Static route examples:
Cisco
ip route 172.20.20.1 255.255.255.255 Null0
Juniper
set routing-options static route 172.20.20.1/32 reject install

Operational use

Ok, so you put in place the config bits above and you want to see how to use this new tool. Bascially this is what you are setting in place: Attack traffic floods in from some ingress points to pummel a customer of yours, you identify the victim IP address and verify that the attack is from spoofed sources, I'll note exactly what I mean below. Quickly erect your 'standard' ACL on the interface you specially routed that large block to above. A simple and effective filter is:

access-list 101 permit icmp any any unreachables log
access-list 101 permit ip any any
Now, Black Hole Route the victim IP address:
ip route victimip 255.255.255.255 Null0 tag 666

	or

set routing-options static route victimip/32 discard tag 666
Now, turn on terminal monitoring on the router with the access list and see where unreachables originate. The interface from which the unreachable originates should be the ingress for the flood of traffic... :) Quick, easy, simple, anyone can do this, right?

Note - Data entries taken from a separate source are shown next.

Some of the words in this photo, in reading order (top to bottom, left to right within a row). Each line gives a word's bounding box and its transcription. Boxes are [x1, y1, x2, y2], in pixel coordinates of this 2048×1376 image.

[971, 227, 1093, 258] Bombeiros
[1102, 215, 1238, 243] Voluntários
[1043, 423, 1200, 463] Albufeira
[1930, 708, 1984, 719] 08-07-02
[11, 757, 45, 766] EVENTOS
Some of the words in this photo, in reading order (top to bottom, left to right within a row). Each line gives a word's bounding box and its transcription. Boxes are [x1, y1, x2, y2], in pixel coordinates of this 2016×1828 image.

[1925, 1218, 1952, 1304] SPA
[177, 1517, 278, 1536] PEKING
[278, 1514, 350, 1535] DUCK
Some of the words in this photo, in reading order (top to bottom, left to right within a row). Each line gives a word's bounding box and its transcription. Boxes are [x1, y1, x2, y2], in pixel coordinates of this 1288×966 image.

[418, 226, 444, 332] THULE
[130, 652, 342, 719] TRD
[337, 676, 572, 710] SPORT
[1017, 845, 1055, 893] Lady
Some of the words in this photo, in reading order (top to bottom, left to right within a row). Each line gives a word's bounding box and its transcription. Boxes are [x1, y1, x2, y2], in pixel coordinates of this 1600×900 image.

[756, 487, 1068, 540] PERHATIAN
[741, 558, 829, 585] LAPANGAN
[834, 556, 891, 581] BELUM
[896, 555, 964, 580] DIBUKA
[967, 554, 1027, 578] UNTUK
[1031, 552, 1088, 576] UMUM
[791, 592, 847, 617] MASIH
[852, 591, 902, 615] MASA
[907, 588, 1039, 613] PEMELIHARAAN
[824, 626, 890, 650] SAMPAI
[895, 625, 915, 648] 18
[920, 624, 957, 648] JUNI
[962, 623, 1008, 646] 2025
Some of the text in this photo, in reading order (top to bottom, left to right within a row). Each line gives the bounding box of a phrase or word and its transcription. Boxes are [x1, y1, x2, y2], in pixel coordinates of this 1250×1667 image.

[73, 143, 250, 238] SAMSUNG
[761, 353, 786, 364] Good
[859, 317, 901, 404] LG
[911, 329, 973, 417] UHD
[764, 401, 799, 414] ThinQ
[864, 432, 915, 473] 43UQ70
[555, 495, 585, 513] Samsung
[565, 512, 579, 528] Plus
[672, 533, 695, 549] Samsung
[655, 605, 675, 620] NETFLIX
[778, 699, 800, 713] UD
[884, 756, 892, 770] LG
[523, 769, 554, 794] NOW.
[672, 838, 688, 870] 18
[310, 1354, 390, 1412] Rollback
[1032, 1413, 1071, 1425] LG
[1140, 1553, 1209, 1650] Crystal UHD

Example log output for an attack:
SLOT 6:6w6d: %SEC-6-IPACCESSLOGDP: list 150 permitted icmp 65.208.80.242 -> 99.141.160.46 (3/1), 1 packet
SLOT 6:6w6d: %SEC-6-IPACCESSLOGDP: list 150 permitted icmp 65.208.80.242 -> 97.147.124.71 (3/1), 1 packet

Once you identify the ingress point simply filter incoming traffic and remove that which would be destined for the victim IP. You should, of course, follow-up with the downstream provider/customer and have them do what you did, track this attack to their ingress point.

Ok, now that you see how to track an attack in which there is atleast one stream of traffic in which the source addresses are spoofed, a synflood would be an excellent example of this, how can you track other attacks where the packets in the flood are not necessarily created as spoofed packets? Take a smurf attack for instance, how would you use this technique to track a smurf attack?

Smurf attacks are quite easy to track with this method also.

  1. Find a broadcast being used in this attack which is directly connected to your network.
  2. Place the unreachables filter on the victims interface
  3. Black Hole the broadcast and network addresses for the broadcast you found in step 1
  4. Wait for the unreachables to get logged and stop the flood at the ingress points
Smurf attacks are really just as easy as a synflood or anyother spoofed flood...

The real problem comes when the attacks are not spoofed, ingress points for the traffic are legit and the unreachables created through the Black Hole Route are going to never be seen by you or your specially routed netblock... The one good thing is that if there are not too many sources you can just block them where they should have entered your network... though this certainly is sub-optimal.